Donald Mennie (9 March 1875 – 10 January 1944) was a Scottish businessman and amateur photographer who worked in early twentieth century China.

Mennie was born in Golspie, Sutherland, Scotland in 1875, the son of Adam Mennie, a druggist, and his wife, Barbara Macleod. He had an elder brother James and a younger brother, Adam. His father died in 1889. His brother appears to have also been a chemist. Little is known of Mennie's early years or how he came to China, but having arrived there by 1899 he first worked as an assistant in the firm of Mactavish & Lehman & Co. in Peking (now Beijing) and then joined A.S. Watson & Co. in Shanghai, eventually becoming the firm's managing director.

In 1921 Mennie made a trip to England listing his contact as his subordinate the Director at Watson & Co Mr Chisolm, this suggesting he was unmarried. By 1934 Watson & Co was listed as 'Wholesale & Retail Chemists, Druggists, & wine, spirit, & cigar merchants; Dealer in all kinds of photographic chemicals & apparatus'. From 1920 until his death in 1941, Mennie was a very powerful entrepreneur in coastal China. Donald Mennie died in Shanghai in January 1944 aged 69/70. Lungwha camp historian Greg Leck reported that Mennie's name appears on a list of British internees in Shanghai, with a Lunghwa Camp number and "Lunghwa" next to his name.

Mennie’s first known work as a photographer were the illustrations in duotone to Elizabeth Cooper’s 'My Lady of the Chinese Courtyard', a story of women's lives in China published in New York in 1914 which went into a number of reprints. He evidently began extensive travels in these years and went on to publish his own photobooks beginning in 1920 with a soft cover and relatively modest album of 30 vandyke photogravures China by Land & Water published by A.S Watson and Co.

As a photographer, Mennie probably used the wet plate process, already a largely obsolete method in his time, and for his published prints, he mainly employed photogravure, a process emphasising the image softness and subtle tonal variation that suited his interest in pictorialism.
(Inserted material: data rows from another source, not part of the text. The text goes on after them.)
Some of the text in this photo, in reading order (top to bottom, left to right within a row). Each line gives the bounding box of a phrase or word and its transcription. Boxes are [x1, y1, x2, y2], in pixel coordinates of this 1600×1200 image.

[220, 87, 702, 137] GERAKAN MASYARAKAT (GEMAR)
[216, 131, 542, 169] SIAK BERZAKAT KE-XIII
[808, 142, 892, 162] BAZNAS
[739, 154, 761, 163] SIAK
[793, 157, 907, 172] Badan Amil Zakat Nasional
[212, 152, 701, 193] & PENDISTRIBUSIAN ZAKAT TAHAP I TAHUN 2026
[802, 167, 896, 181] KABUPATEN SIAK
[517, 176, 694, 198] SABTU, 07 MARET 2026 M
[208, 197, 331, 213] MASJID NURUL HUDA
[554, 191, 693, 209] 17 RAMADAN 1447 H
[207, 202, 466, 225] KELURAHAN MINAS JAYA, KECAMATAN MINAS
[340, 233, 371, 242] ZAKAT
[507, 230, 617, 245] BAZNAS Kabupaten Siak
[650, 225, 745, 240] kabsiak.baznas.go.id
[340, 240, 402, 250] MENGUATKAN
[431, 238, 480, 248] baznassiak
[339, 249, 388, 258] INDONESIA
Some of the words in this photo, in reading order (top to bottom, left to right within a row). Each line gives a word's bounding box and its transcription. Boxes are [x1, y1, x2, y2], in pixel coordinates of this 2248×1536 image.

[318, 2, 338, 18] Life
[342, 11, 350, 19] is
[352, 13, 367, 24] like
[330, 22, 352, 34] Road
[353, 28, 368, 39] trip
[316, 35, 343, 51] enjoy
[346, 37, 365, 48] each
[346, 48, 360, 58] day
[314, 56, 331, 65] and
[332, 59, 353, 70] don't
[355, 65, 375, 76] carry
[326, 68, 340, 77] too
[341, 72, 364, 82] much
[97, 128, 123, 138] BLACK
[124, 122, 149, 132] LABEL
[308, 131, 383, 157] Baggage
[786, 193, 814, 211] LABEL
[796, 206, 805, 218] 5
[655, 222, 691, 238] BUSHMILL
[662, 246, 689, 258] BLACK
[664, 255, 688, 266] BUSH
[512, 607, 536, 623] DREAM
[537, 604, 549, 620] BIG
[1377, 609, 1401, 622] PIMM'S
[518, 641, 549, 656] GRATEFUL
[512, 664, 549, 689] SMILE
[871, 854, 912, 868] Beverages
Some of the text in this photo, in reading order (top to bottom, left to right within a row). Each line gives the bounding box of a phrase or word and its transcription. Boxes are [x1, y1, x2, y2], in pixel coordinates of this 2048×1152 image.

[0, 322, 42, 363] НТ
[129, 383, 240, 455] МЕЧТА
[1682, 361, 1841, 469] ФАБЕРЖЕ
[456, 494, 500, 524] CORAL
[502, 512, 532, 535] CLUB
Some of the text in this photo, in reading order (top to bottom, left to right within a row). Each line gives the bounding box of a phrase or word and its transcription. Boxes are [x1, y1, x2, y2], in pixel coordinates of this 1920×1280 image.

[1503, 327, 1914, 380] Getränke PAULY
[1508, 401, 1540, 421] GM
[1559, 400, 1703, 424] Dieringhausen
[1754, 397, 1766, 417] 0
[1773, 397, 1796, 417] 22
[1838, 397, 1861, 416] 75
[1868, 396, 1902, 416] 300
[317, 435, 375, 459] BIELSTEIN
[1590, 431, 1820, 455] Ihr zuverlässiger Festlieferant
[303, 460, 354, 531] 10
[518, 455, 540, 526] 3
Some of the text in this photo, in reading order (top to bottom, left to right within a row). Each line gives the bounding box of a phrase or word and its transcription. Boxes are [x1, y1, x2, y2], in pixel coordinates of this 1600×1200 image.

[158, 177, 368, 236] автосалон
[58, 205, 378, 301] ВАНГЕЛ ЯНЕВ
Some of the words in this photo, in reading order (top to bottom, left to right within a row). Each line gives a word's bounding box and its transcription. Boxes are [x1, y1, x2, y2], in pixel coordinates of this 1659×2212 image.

Some of his published images were hand-coloured. His subjects evoked a romantic vision of "antique China", featuring dusty caravans, misty rural valleys, old palaces, and the Great Wall of China. Between 1914 and 1927 he published several books of his images, including The Pageant of Peking (1920), providing views of Beijing and its environs, printed folio size and bound in blue silk, Glimpses of China (1920 ?), China, North and South (1922), The Grandeur of the Gorges (1926), depicting scenes along the Yangtze River for which Mennie was proposed as a member of the Royal Geographical Society, and Pictures of Peking (after 1900).

He died in a Shanghai sanatorium in 1944.